MERIDEN — Local police, firefighters, dispatchers, ambulance personnel and a Good Samaritan will be honored Saturday during the city’s annual Public Safety Awards.
The awards will be given out by members of Meriden Kiwanis, Meriden Lions and Meriden Rotary clubs, as well as local and state officials.
First responders will be available before the Meriden Green ceremony on Saturday, demonstrating aspects of Meriden fire, police and EMS services starting at 4 p.m. The awards begin at 6 p.m., in conjunction with the Twilight Concert Series kickoff.
Fire Marshal Steve Trella will receive the Fire Division award in recognition of his 42 years of service. He will retire in October.
“It’s amazing how quickly it goes by,” Trella said. “You don’t think about it when you start a career.”
Trella, who started with the fire department in September 1978, has been a fire marshal for about 20 years.
A statement announcing the awards credits Trella for his advocacy for fire prevention and community risk reduction through the state Fire Code.
Several emergency dispatchers on duty during an April 11 plane crash on the athletic fields of Wilcox Technical High School will also be honored. Dispatchers Elizbethann Marotti, Censio Ramos, Andrea Lorenzetti, Mark Shackford and Robert Lechowicz will receive the emergency communications division award. The dispatchers worked together to coordinate emergency services across multiple departments and provide reassurance to numerous residents calling in to report power outages.
Emergency Communications Director Doree Price, who nominated the five dispatchers for the award, spoke of the challenges they faced after the single-engine plane struck high tension wires knocking out power to much of the city — including the emergency dispatch center. They showed extraordinary professionalism and poise as they coordinated with multiple agencies while fielding numerous calls from the public regarding the blackout and also making sure their own equipment was functioning properly on backup generator power.
“Of course the blackout made everything more complicated,” Price said.
The team that night varied in experience level, Price added. Lorenzetti, the supervisor, has 27 years on the job, Ramos is an 18-year veteran and Marotti has been there for 15 years. Shackford has been on the job for two years while Lechowicz started in February and was still training when the crash occurred.
“They all pulled together as a cohesive unit and did a really great job,” Price said.
Police Detective Kevin Ieraci is receiving the police division award in recognition of his work in the Crime Suppression Unit and for starting a secret Santa program at the city’s homeless shelter, Shelter NOW.
"Every year he finds out how many children are at the shelter. He purchases presents, wraps them, and delivers them to the shelter. The presents are given to the children on Christmas morning as a gift from Santa,” ceremony organizers said.
Ieraci initially paid for all the gifts himself, but has started taking some donations, still paying for a large portion of the cost.
The Dan M. Hunter Good Samaritan Award will be given to Jaelin Highsmith for donating a part of his liver to a Hamden 19-year-old in need of a transplant.
The Meriden resident and Platt High School graduate said he heard about Madison Ricci’s story from a friend in a group chat and felt compelled to help.

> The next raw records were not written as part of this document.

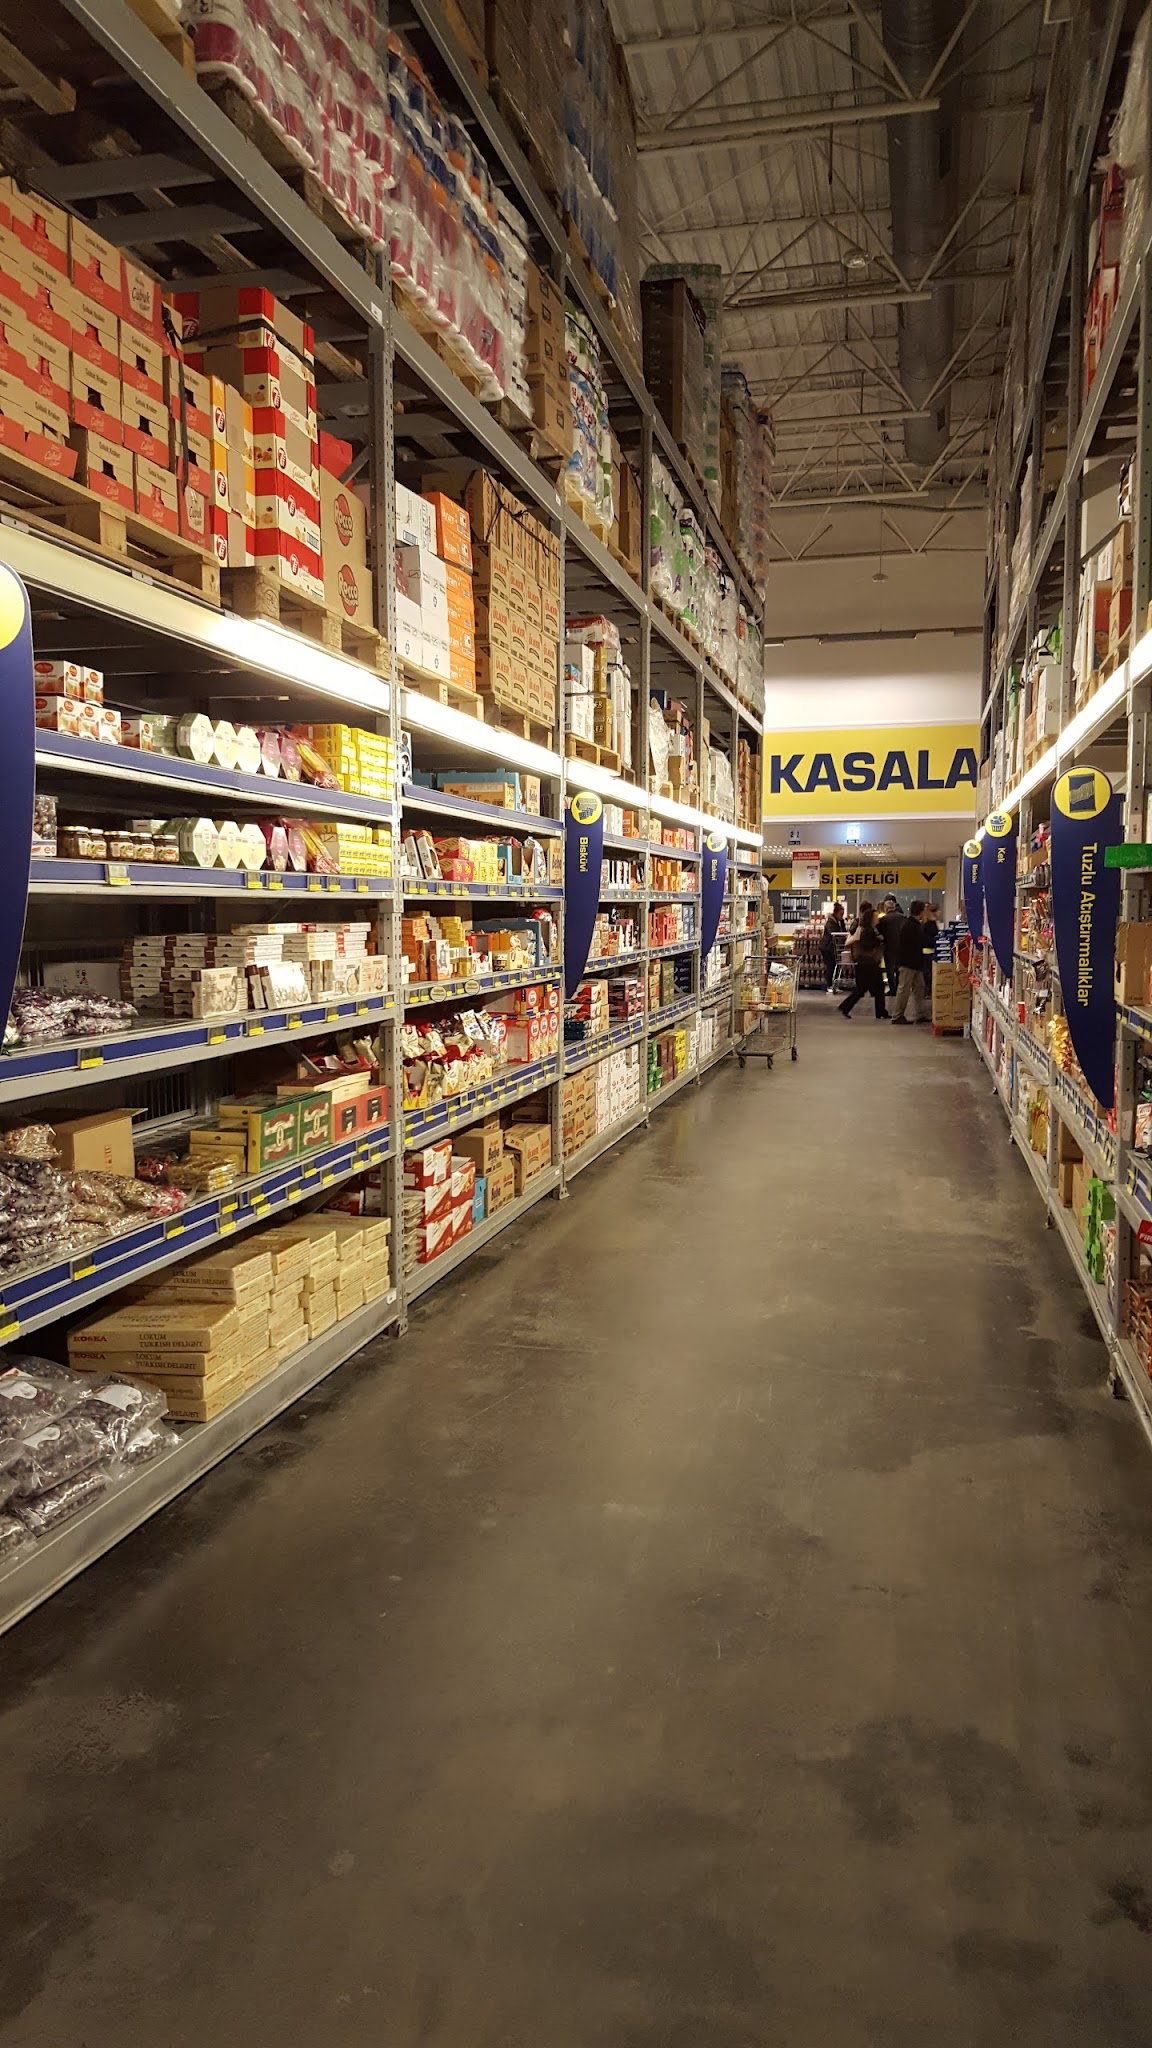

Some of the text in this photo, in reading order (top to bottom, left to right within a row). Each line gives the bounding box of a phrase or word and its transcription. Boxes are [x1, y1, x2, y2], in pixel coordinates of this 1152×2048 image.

[334, 500, 352, 530] Rocco
[338, 571, 358, 600] Rocco
[770, 748, 977, 793] KASALA
[997, 847, 1006, 864] Kek
[846, 870, 899, 886] ŞEFLİĞİ
[1077, 842, 1098, 1007] Tuzlu Atıştırmalıklar

He decided to call the hospital to see if he was able to donate. Doctors told him the chances of being a specific match were just 5 percent.
“I wanted to try and go through the process and the steps,” Highsmith said. “It came to the point where I found out that I was a perfect match.”

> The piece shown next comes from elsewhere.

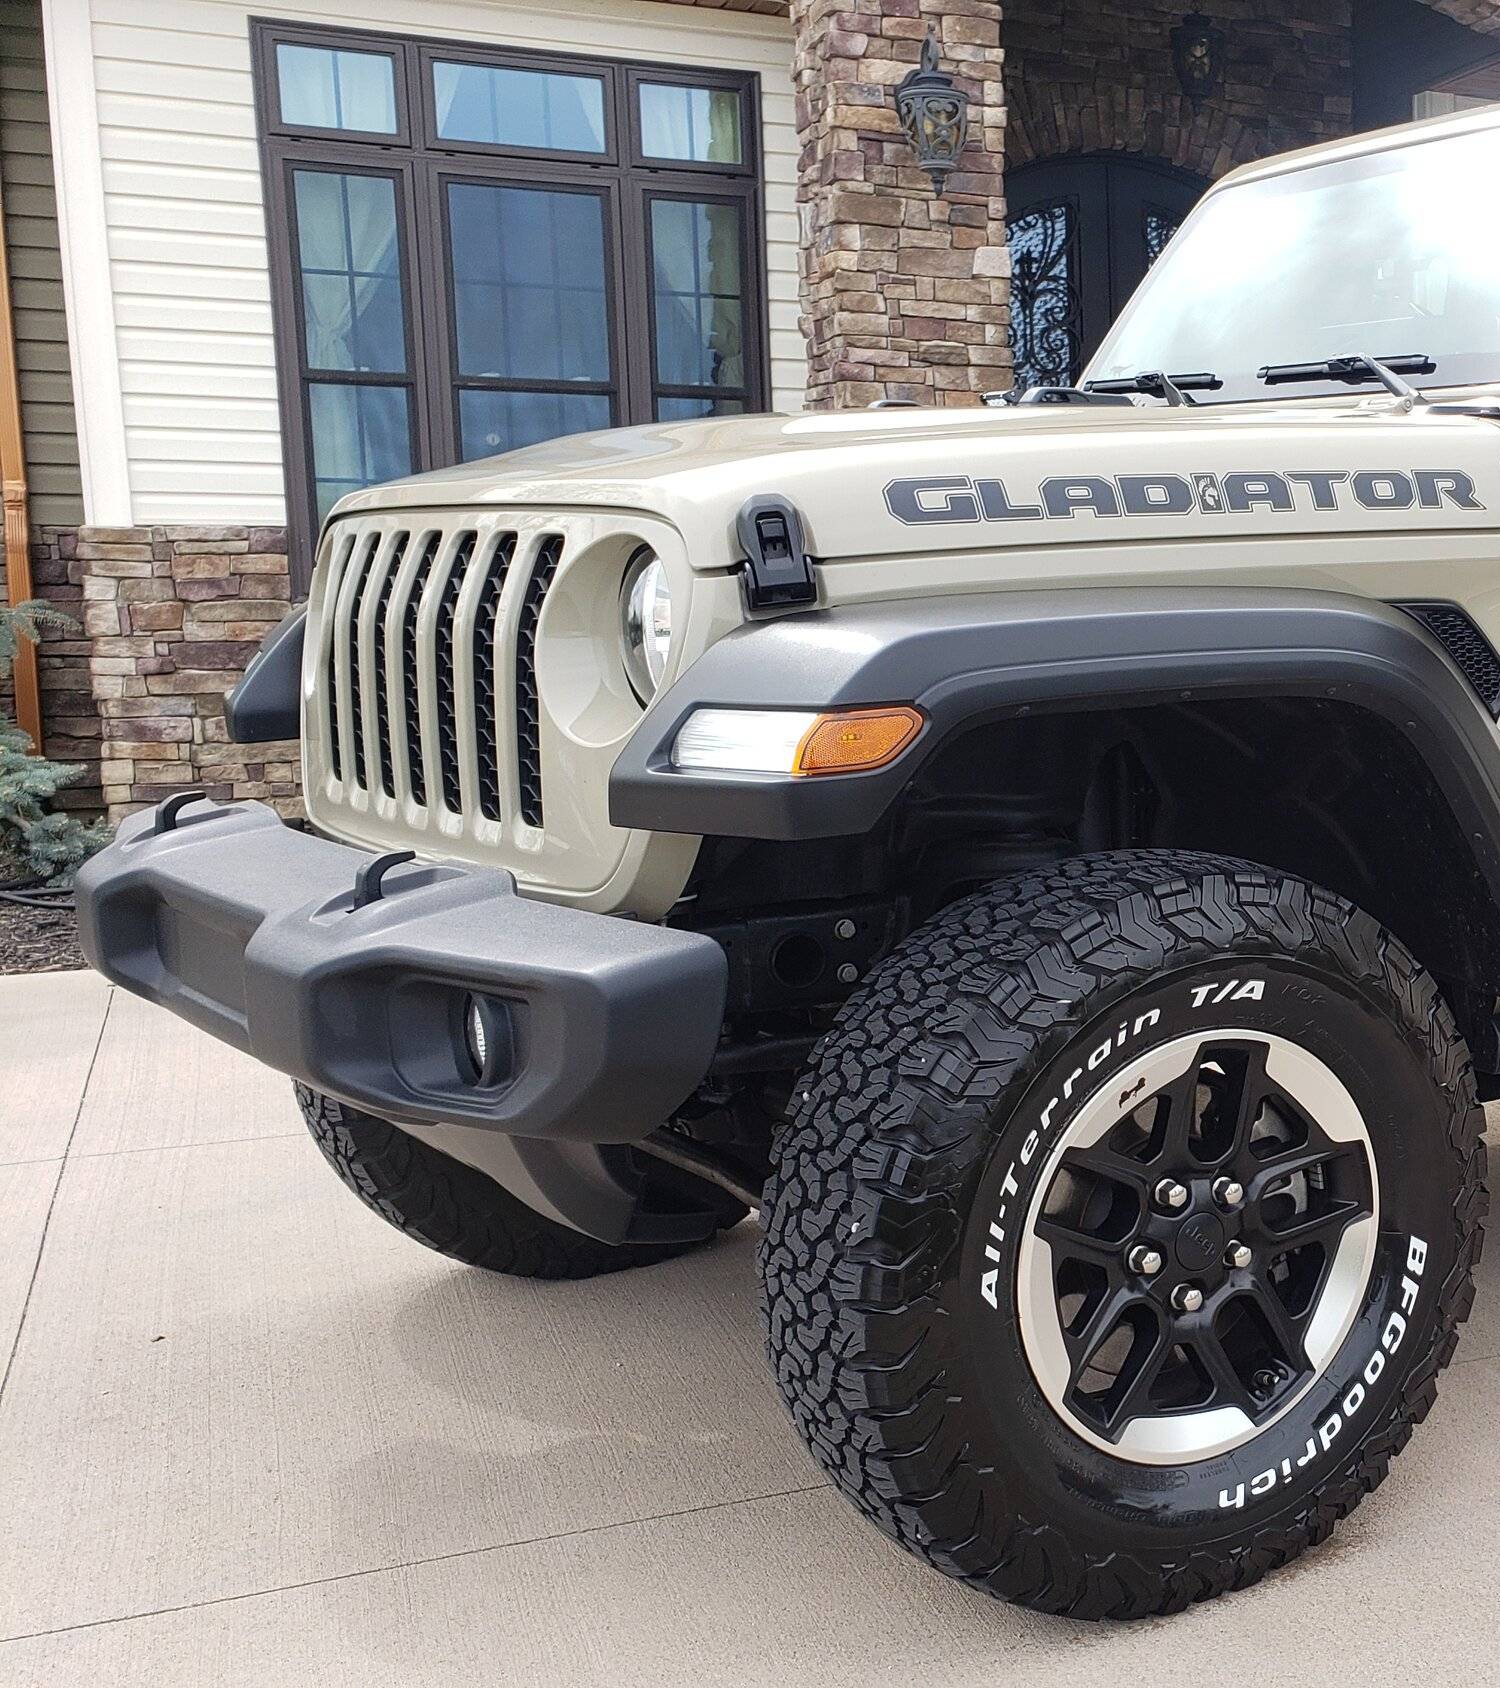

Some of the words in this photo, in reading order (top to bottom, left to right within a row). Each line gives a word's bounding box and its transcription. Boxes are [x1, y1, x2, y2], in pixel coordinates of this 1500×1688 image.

[882, 470, 1487, 526] GLADIATOR
[1190, 979, 1266, 1008] T/A
[979, 1006, 1161, 1311] All-Terrain
[1218, 1232, 1429, 1511] BFGoodrich

Highsmith underwent seven hours of surgery and experienced complications during his recovery but reported feeling better back in April.
The two met for the first time at Ricci’s home during an emotional live segment on ABC’s “Good Morning America.”
Emergency medical dispatcher Sarah Esposito, paramedics Stephen Van Dyke and Jarrod Clark and EMT Michael Cafano of Hunter’s Ambulance were selected for the medical services division award.
On March 24, Esposito received a 911 call about an 81-year-old man who was having a heart attack. She “used her skills to control the conversation,” and to “calm and focus the caller so they would be able to provide lifesaving assistance to their loved one until first responders arrived,” award organizers said.
She directed that the patient be moved to the floor from the bed and that chest compressions be administered. Family members provided chest compressions for three minutes under Esposito’s direction before the Meriden Fire Department and a Hunter’s EMS team arrived and took over within four minutes.
Cafano, Van Dyke and Clark “established advanced life support measures” and in the course of CPR the patient’s heart began to beat on its own and he began to breathe again. He regained consciousness and was able to respond to verbal commands by blinking his eyes when asked to do so.
The patient was transported to MidState Medical Center where he continued to improve.